Exercise instructions. Leaving every picture out, repeat all of the entries below exactly.

Data excerpts.
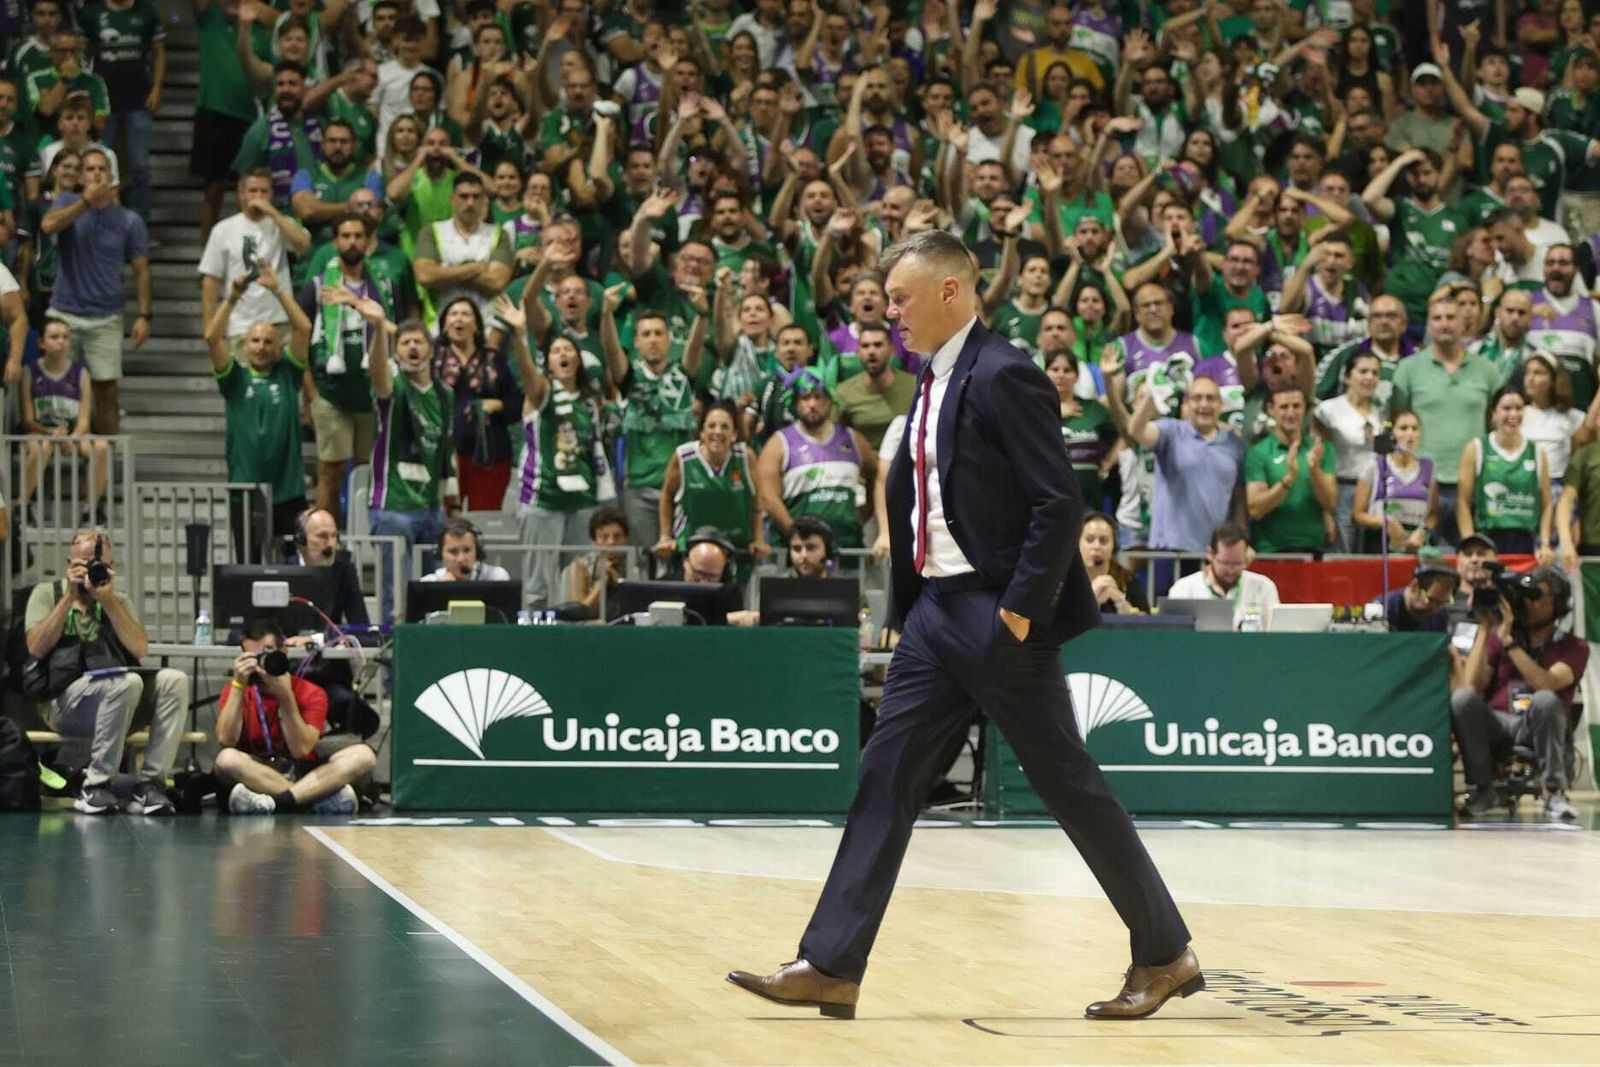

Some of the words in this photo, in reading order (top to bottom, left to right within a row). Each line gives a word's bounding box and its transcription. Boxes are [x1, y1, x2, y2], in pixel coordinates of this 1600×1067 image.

[543, 713, 704, 761] Unicaja
[710, 718, 840, 753] Banco
[1144, 717, 1302, 765] Unicaja
[1307, 723, 1434, 758] Banco

Finished exercise.
Some of the words in this photo, in reading order (top to bottom, left to right within a row). Each line gives a word's bounding box and its transcription. Boxes are [x1, y1, x2, y2], in pixel coordinates of this 1600×1067 image.

[543, 713, 704, 761] Unicaja
[710, 718, 840, 753] Banco
[1144, 717, 1302, 765] Unicaja
[1307, 723, 1434, 758] Banco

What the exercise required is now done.